2021-10-04

What Would the Rent Control Policy Do to Saint Paul Rents?

[An apartment building in Frogtown.]

If you read supportive narratives about the proposed Saint Paul rent control policy, depending on who you’re talking to, it will might have very little effect on most apartments — so little, that developers and landlords will barely even notice it — or it will usher in a new era of city-wide affordability that will decommodify housing and bring and end to centuries of real-estate capitalism.

Both of those things would be amazing, but consider me skeptical that either is a possibility. How rent control will affect housing lies somewhere in the middle, and it will be messy.

One thing I haven’t actually seen is any actual Saint Paul rental data. 

Here are a couple questions I have: 

  • How bad of a problem is rent gouging in Saint Paul? 
  • How many properties would be affected by a 3% cap? 
  • What will it mean for the larger housing market? 

So far, the only way to get a handle on this has been to look at the detailed CURA report on rents in Minneapolis, which is, to be sure, a different city. But Minneapolis and Saint Paul are in the same regional housing market.
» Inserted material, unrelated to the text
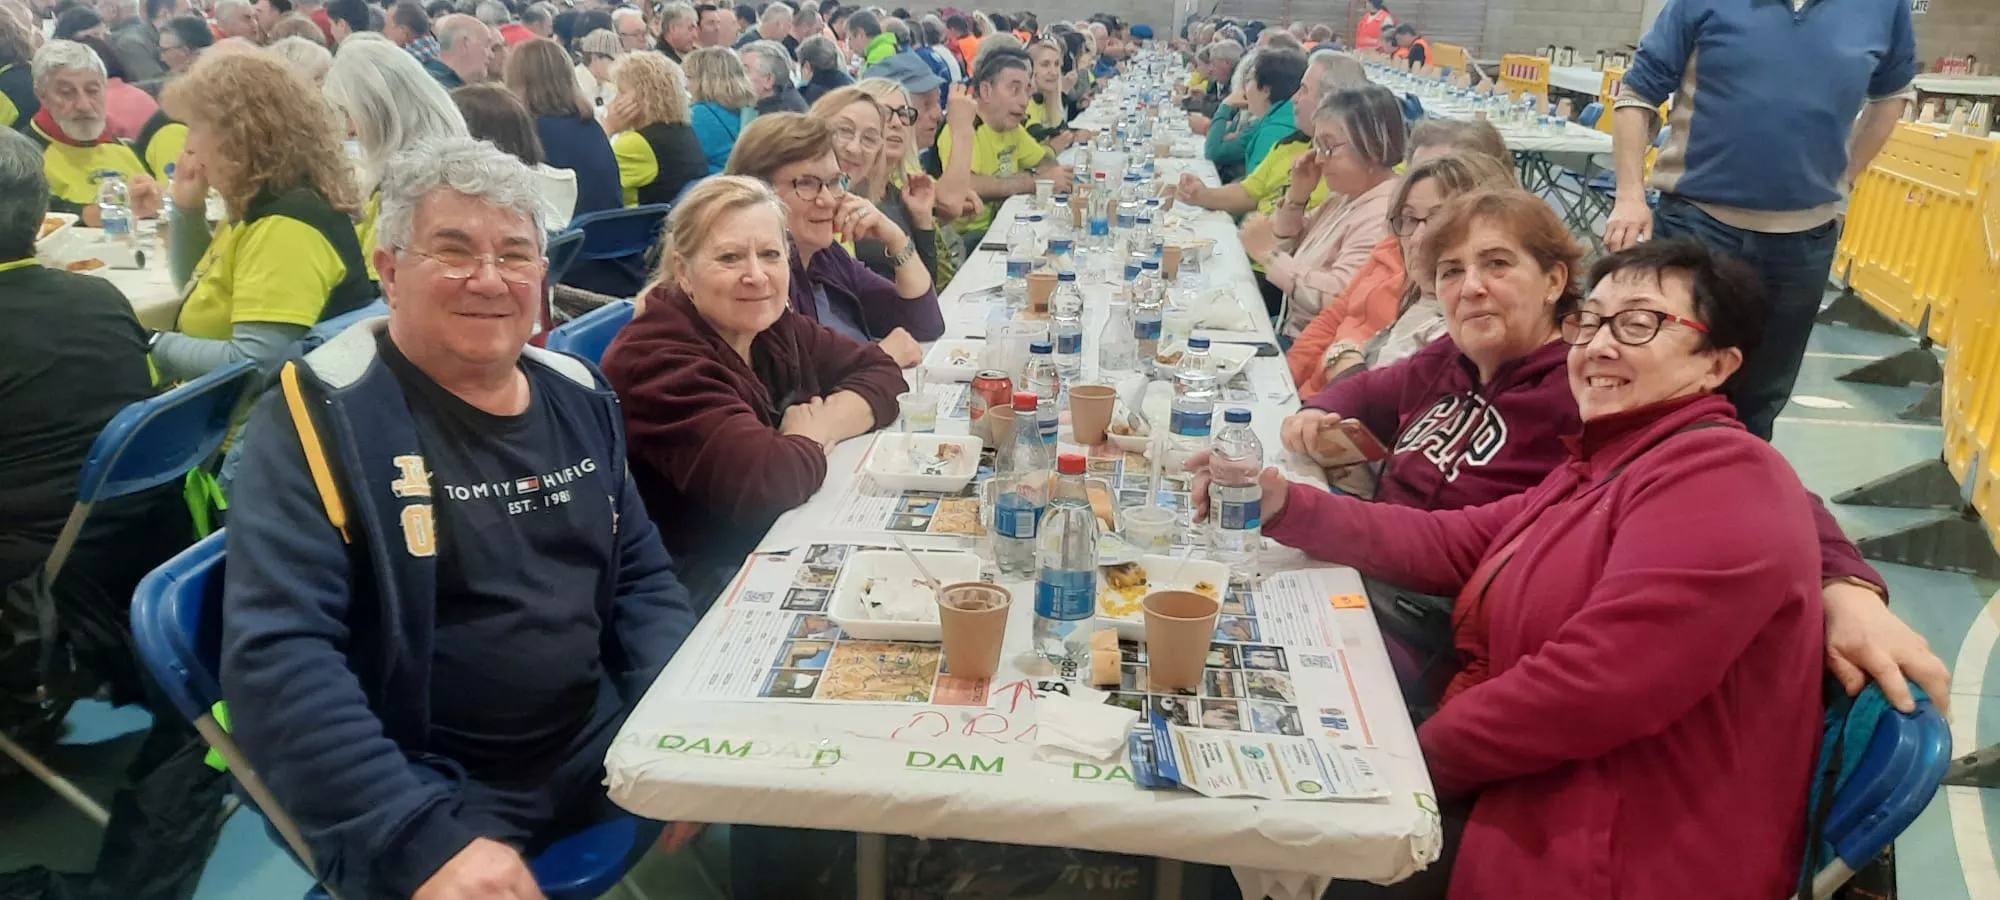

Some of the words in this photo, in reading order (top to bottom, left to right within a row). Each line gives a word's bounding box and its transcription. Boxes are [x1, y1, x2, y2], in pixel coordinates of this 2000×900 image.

The two cities should fluctuate and trend roughly in parallel.

[Long-term Minneapolis rent trends, with 10%-90% distribution.]

[Long-term rent growth by neighborhood.]

[Minneapolis rents v. income.]

[Advertising rents for vacancy units, change-over-time, that includes the 2020 downturn.]

If you read through CURA's lengthy study, you see there's a lot of variability. For one thing, rents go up and down. (This might seem weird to anyone who's been a long-term renter; I've never once heard of anyone having their rent lowered.) In the end, though,  the data is clear: on the aggregate, rents are rising faster now than they have been historically, and thanks to our deep levels of racial inequality, it's a problem for working class and BIPOC folks.

This is the chart that makes the Twin Cities housing affordability problem very clear to me:


[This gets at the housing problem: rising rents combined with steep racial inequality. Zoom in and look at the income levels.] 

 

Tony Damiano’s recent Twitter thread has a nice summary of the situation. (Please note that he also admits that Saint Paul’s plan would be a “notable exception” to every other RS and rent control policy in the country.)

The CURA study on rent trends is solid, but Minneapolis is, in fact, not Saint Paul. They are actually different cities! The border is either the Mississippi River or Emerald Street. There's no overlap.

For example, I wrote a few years ago about how rent trends were diverging in Minneapolis and Saint Paul, with the former seeing more variability and an actual decrease in available NOAH rents for a time. Saint Paul’s rental market differs in quite a few ways, not least because we don’t build as much new housing, and it would be nice to see information about the actual place where the policy is being proposed.



Saint Paul Rent Trends

Well, I did what I could. A kind reader sent along rent data complied for the metro area from the Met Council. 

As far as I know, nobody has done this research on rents in Saint Paul. Certainly if there’s a comprehensive study on rental data produced by HENS, they haven’t shared it with anyone. (If you have one, send it my way!)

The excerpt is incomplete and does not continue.